Avoid reshpe operation to change channel dimension

avish · February 6, 2022, 9:35am

Problem: I have data in format B, a, b, c, d. (Batch size, followed by some dimensions (a, b, …)
Now I want to view this data along different dimension (i.e. that dimension as first dimension) and apply some transoms in this view.
For instance when, viewed in dimension of c it will be of shape B, c, -1.
viewed as d it will be of shape B, d, -1.

My current approach is resulting in too much reshaping, which is causing very slow gradient calculation and little slow forward pass. Any hints to improve this will be helpful. Sorry for using this forum as bouncing board.

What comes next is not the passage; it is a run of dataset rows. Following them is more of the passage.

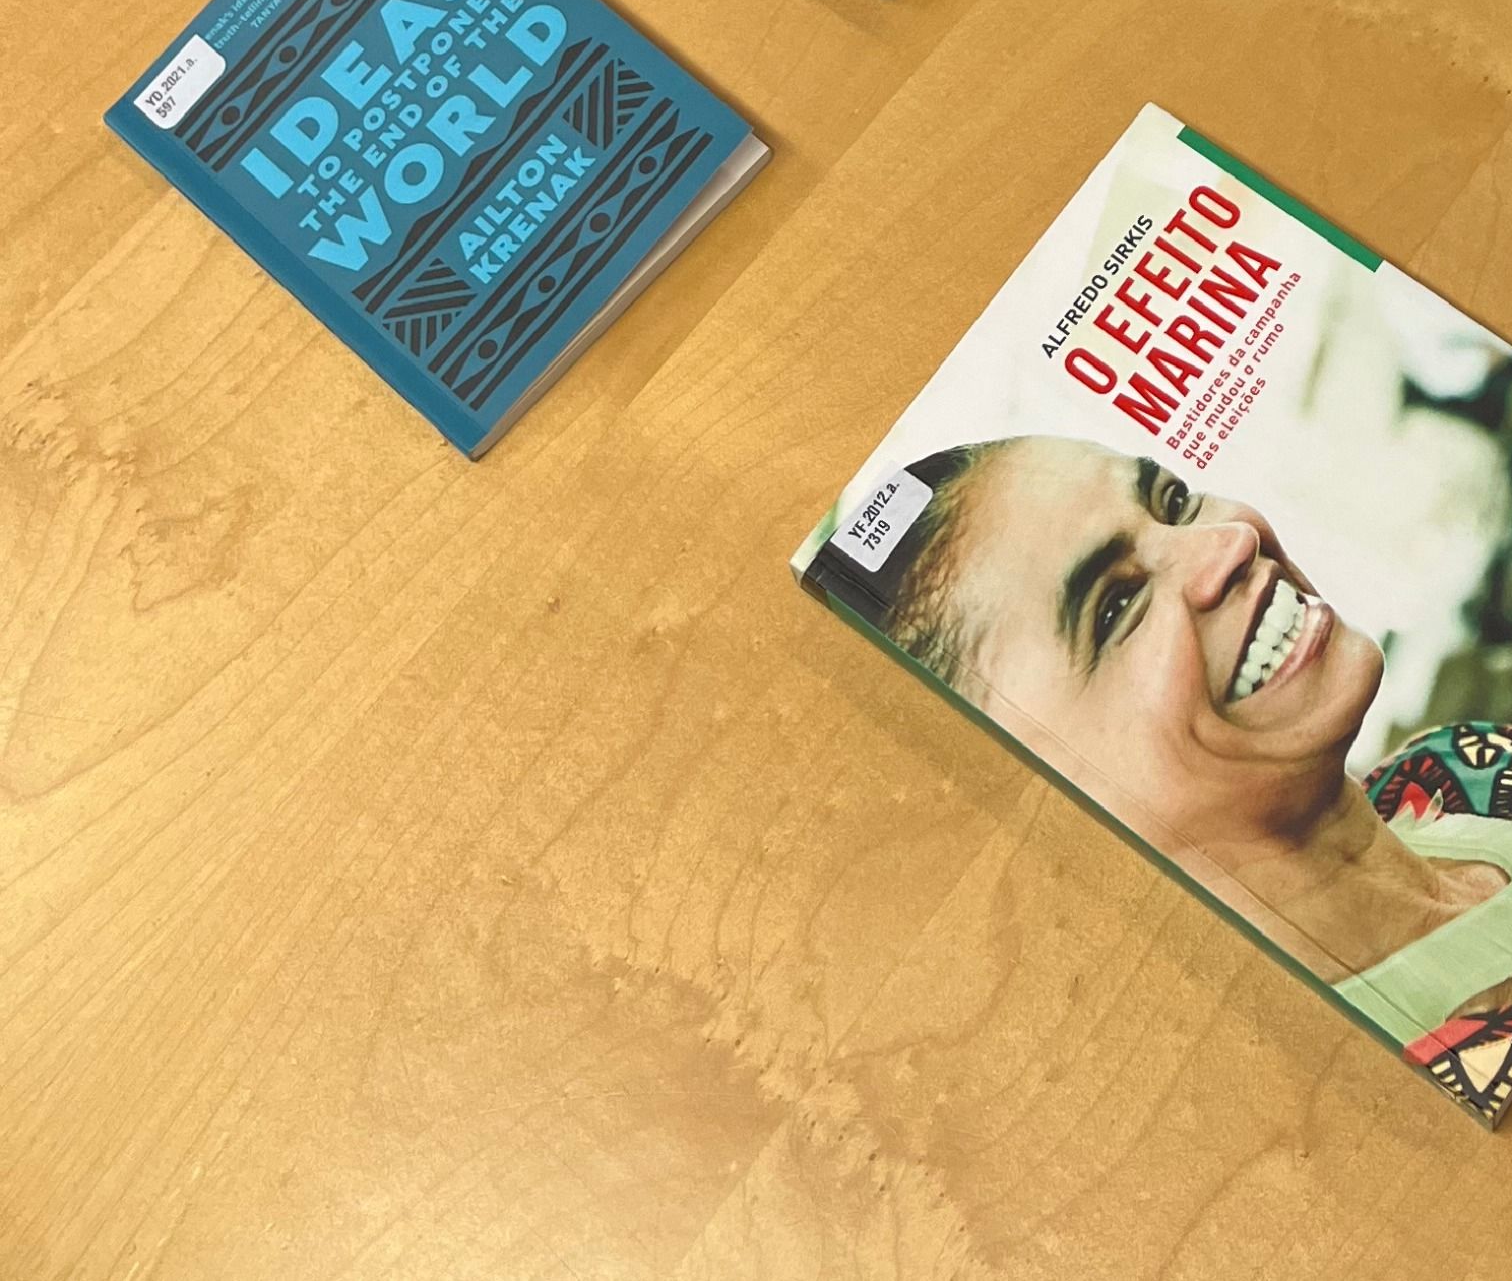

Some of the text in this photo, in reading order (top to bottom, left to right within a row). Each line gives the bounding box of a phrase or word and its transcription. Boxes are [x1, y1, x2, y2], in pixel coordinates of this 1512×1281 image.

[155, 95, 176, 119] 597
[298, 168, 364, 232] THE
[362, 103, 423, 169] END
[425, 54, 461, 98] OF
[307, 4, 567, 271] WORLD
[296, 155, 341, 198] TO
[458, 133, 568, 261] AILTON
[468, 146, 596, 284] KRENAK
[1041, 214, 1153, 359] ALFREDO SIRKIS
[1064, 185, 1241, 395] O EFEITO
[1111, 241, 1282, 437] MARINA
[1165, 272, 1302, 451] Bastidores da campanha
[1182, 323, 1284, 460] que mudou o rumo
[1196, 377, 1266, 470] das eleições
[847, 483, 900, 539] YF.2012.a.
[862, 519, 891, 551] 7319

            for _ in range(K):
                shape = x.shape()
                d = random.randint(1, 4)
                #  inital = [0, 1, 2, 3, 4]
                final = [0, d, 2, 3, 4]
                final[d] = 1
                x = x.transpose(d, 1)
                x = x.reshape(size[0], size[d], -1)
                x = self.layer[d - 1](x)
                x = x.reshape([
                    size[final[0]], size[final[1]], size[final[2]],
                    size[final[3]]
                ])
                x = x.transpose(d, 1)

Update: It can be restated as, apply linear layer to flattened view of last k dimension of non contiguous tensor without copying it.

anantguptadbl · February 6, 2022, 1:52pm

@avish you should be able to use torch.transpose

a=torch.rand(2,3,2,1,3)
b=torch.transpose(a, 3, 1)
print([a.size(), b.size()])

Is this not what you wanted?

avish · February 6, 2022, 2:05pm

Yes, this is what I am currently doing. So lets say, after this we want take last 3 dimension apply flatten(2) and pass it to nn.Linear(2*3*3, op_dim). So this flatten operation in between makes a copy of tensor (as original tensor can not be viewed because it’s stride is not compatible). This is currently causing gradient calculation too slow.

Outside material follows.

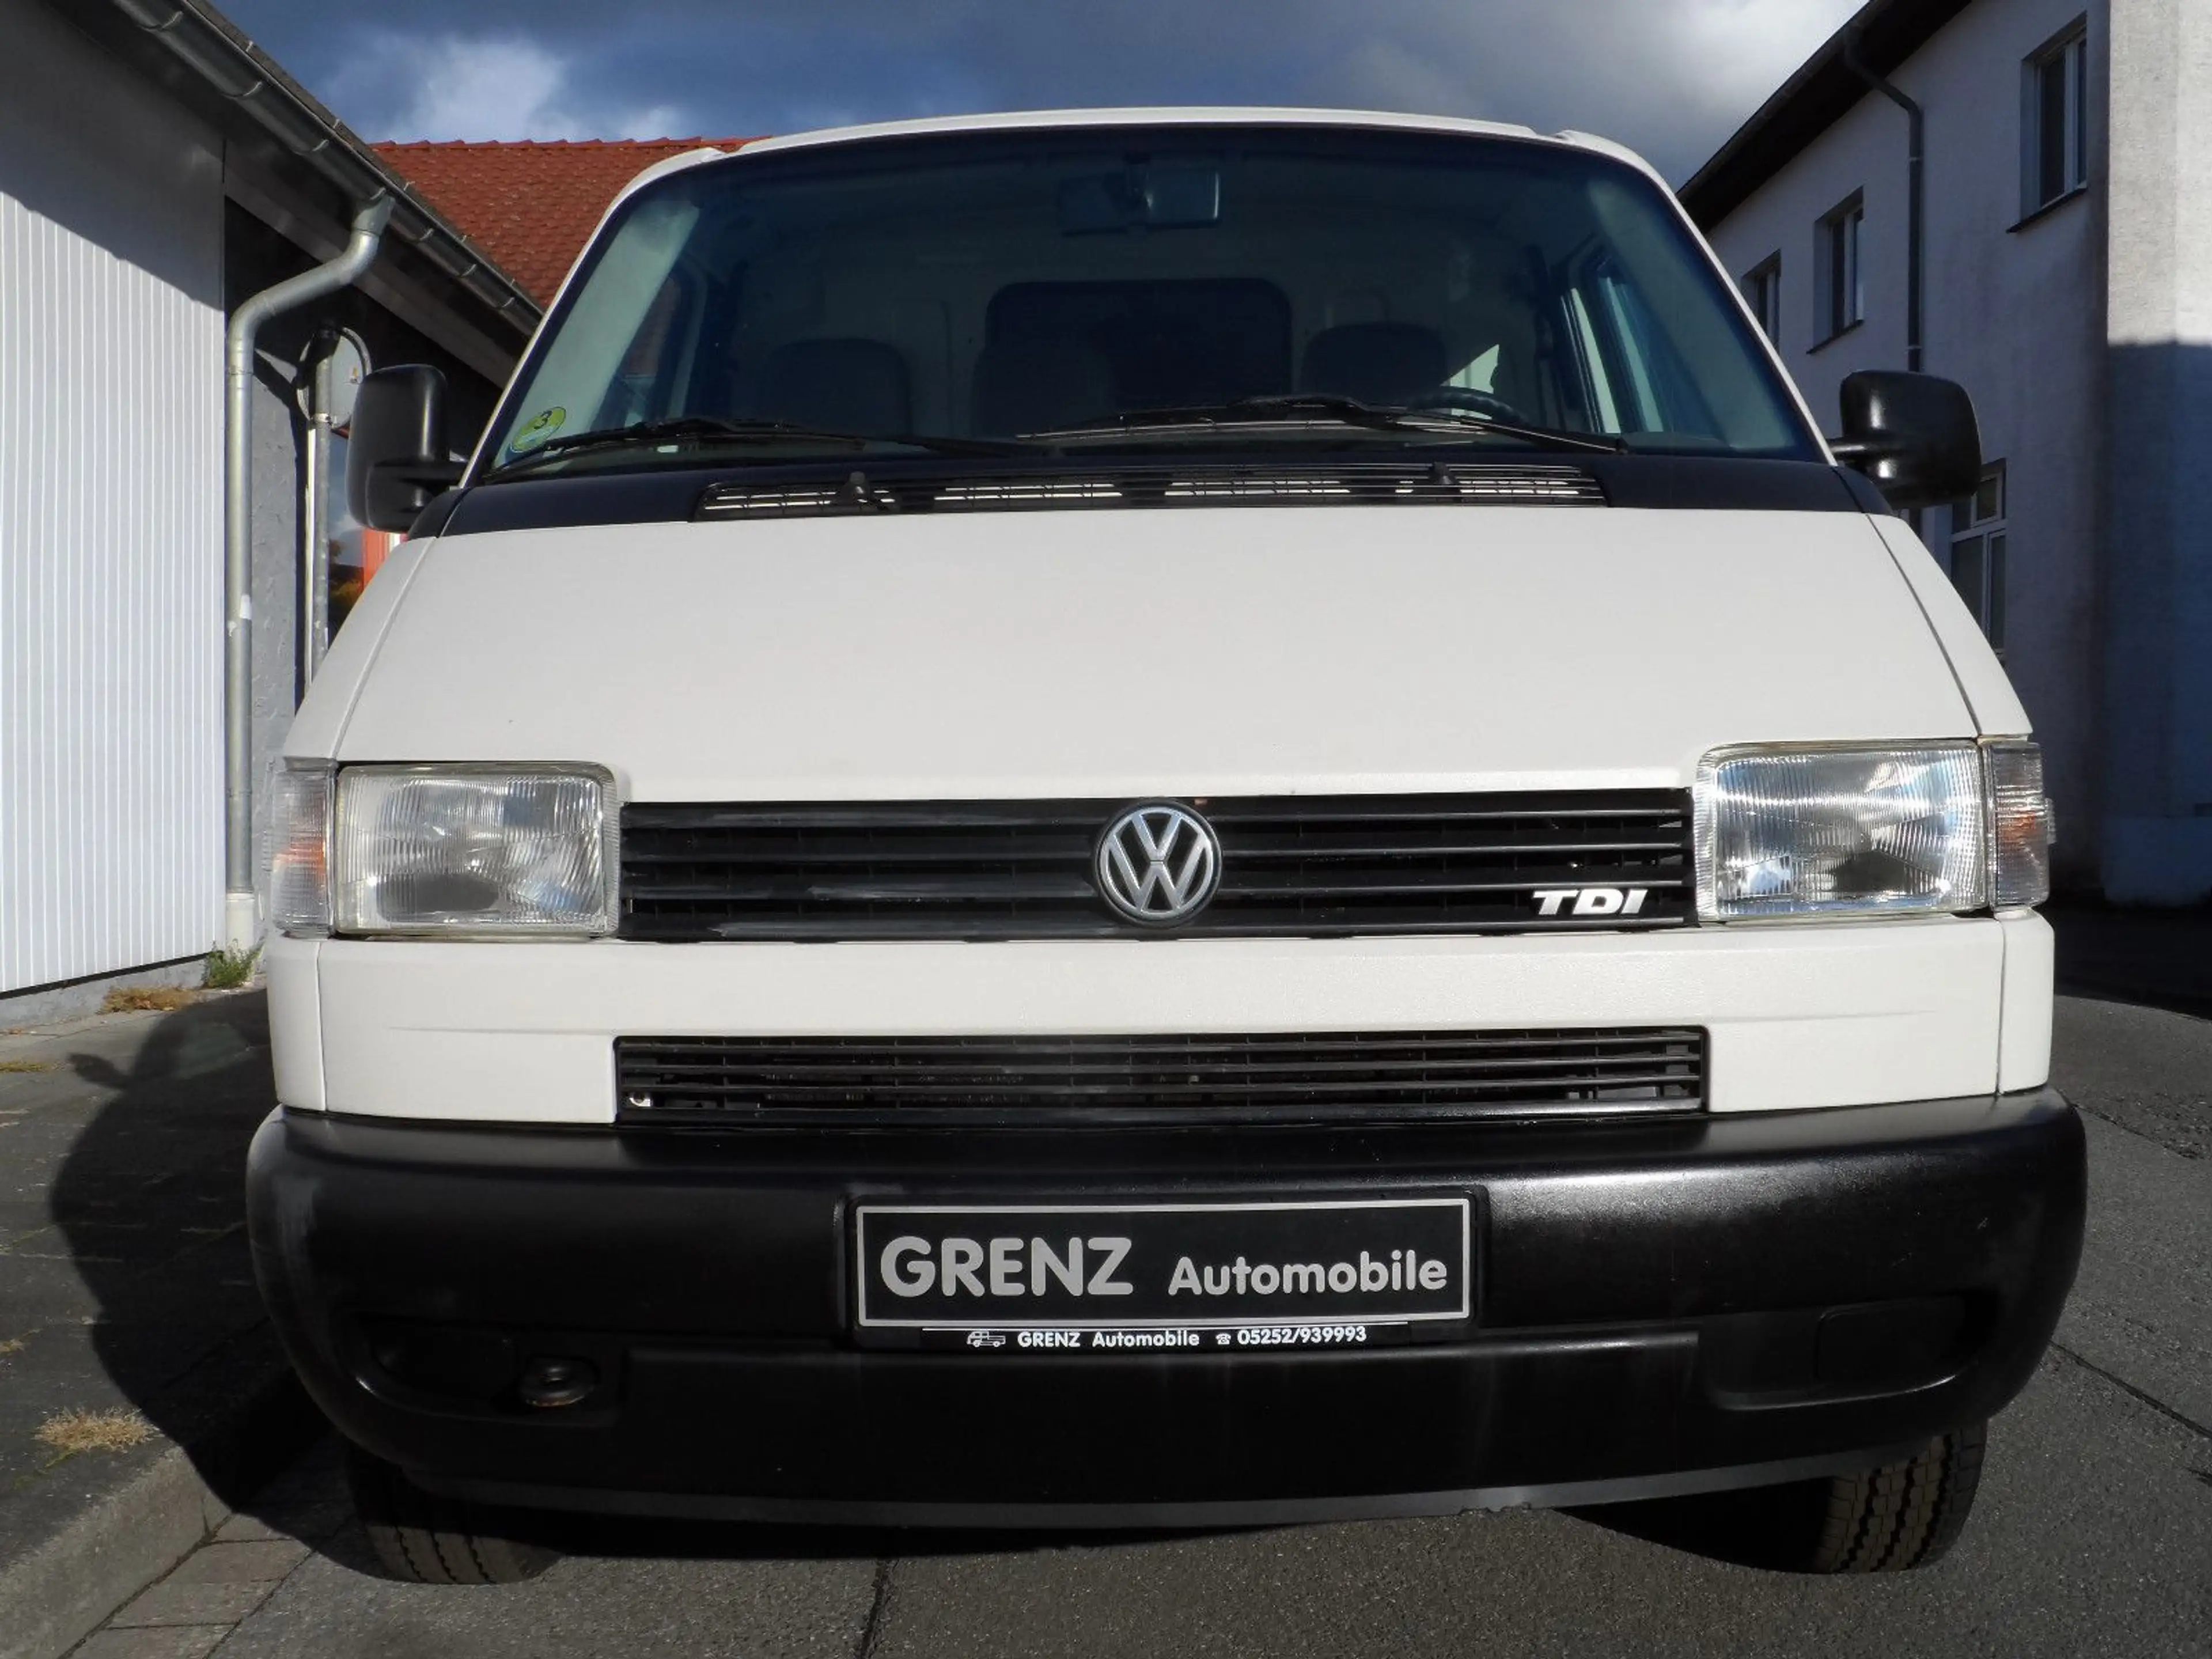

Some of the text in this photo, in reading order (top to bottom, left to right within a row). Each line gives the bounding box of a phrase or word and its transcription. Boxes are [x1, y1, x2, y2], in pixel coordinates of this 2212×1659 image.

[1100, 808, 1213, 920] VW
[1533, 888, 1648, 915] TDI
[880, 1236, 1447, 1297] GRENZ Automobile
[1017, 1325, 1367, 1347] GRENZ Automobile 05252/939993

anantguptadbl · February 6, 2022, 2:45pm

@avish understood. That would be tricky without creating a copy of the tensor. The reason is that tranpose function leverages the same underlying storage of the original tensor

To illustrate the issue check the below code. After the transpose the view command gives an error but the same view command does not give an error on an “original” tensor

a=torch.rand(2,3,2,1,3)
print(a.view(2, 1, 2, -1).size())

a=torch.rand(2,1,2,3,3)
print(a.view(2, 1, 2, -1).size())

a=torch.rand(2,3,2,1,3)
b=torch.transpose(a, 3, 1)
print(b.size())
print(b.view(2, 1, 2, -1))

torch.Size([2, 1, 2, 9])
torch.Size([2, 1, 2, 9])
torch.Size([2, 1, 2, 3, 3])
---------------------------------------------------------------------------
RuntimeError                              Traceback (most recent call last)
<ipython-input-39-b6aaccdd97cd> in <module>()
      8 b=torch.transpose(a, 3, 1)
      9 print(b.size())
---> 10 print(b.view(2, 1, 2, -1))

RuntimeError: view size is not compatible with input tensor's size and stride (at least one dimension spans across two contiguous subspaces). Use .reshape(...) instead.

Will try to find a way to achieve this. There are several discuss threads and also a github thread on the same

avish · February 6, 2022, 3:28pm

Thanks, if possible can you share those threads, I was not able to find any.
For inspiration I was trying to implement something like mlp mixer but with more dimensional data.